[Work task]
Retype the entries exactly. Include every line.

[Records for the task]
※ ※ ※

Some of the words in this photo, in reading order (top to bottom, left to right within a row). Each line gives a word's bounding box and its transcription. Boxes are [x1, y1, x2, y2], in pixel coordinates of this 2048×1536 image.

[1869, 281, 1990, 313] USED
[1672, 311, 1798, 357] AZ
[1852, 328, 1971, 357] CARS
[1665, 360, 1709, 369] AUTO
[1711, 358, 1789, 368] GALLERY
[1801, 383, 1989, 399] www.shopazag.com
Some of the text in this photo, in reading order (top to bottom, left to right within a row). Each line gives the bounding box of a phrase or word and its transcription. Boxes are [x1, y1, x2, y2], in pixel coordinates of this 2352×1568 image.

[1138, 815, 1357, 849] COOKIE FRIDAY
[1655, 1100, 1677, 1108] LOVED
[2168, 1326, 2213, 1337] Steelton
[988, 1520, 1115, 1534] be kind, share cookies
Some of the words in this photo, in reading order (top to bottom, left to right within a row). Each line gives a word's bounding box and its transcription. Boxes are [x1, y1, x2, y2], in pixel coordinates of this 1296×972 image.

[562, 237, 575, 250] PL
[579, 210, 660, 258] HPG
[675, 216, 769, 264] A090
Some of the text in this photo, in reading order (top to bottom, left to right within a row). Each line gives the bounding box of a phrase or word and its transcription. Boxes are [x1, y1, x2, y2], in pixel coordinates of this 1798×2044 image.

※ ※ ※

[Task output]
Some of the words in this photo, in reading order (top to bottom, left to right within a row). Each line gives a word's bounding box and its transcription. Boxes are [x1, y1, x2, y2], in pixel coordinates of this 2048×1536 image.

[1869, 281, 1990, 313] USED
[1672, 311, 1798, 357] AZ
[1852, 328, 1971, 357] CARS
[1665, 360, 1709, 369] AUTO
[1711, 358, 1789, 368] GALLERY
[1801, 383, 1989, 399] www.shopazag.com
Some of the text in this photo, in reading order (top to bottom, left to right within a row). Each line gives the bounding box of a phrase or word and its transcription. Boxes are [x1, y1, x2, y2], in pixel coordinates of this 2352×1568 image.

[1138, 815, 1357, 849] COOKIE FRIDAY
[1655, 1100, 1677, 1108] LOVED
[2168, 1326, 2213, 1337] Steelton
[988, 1520, 1115, 1534] be kind, share cookies
Some of the words in this photo, in reading order (top to bottom, left to right within a row). Each line gives a word's bounding box and its transcription. Boxes are [x1, y1, x2, y2], in pixel coordinates of this 1296×972 image.

[562, 237, 575, 250] PL
[579, 210, 660, 258] HPG
[675, 216, 769, 264] A090
Some of the text in this photo, in reading order (top to bottom, left to right within a row). Each line gives the bounding box of a phrase or word and its transcription. Boxes are [x1, y1, x2, y2], in pixel coordinates of this 1798×2044 image.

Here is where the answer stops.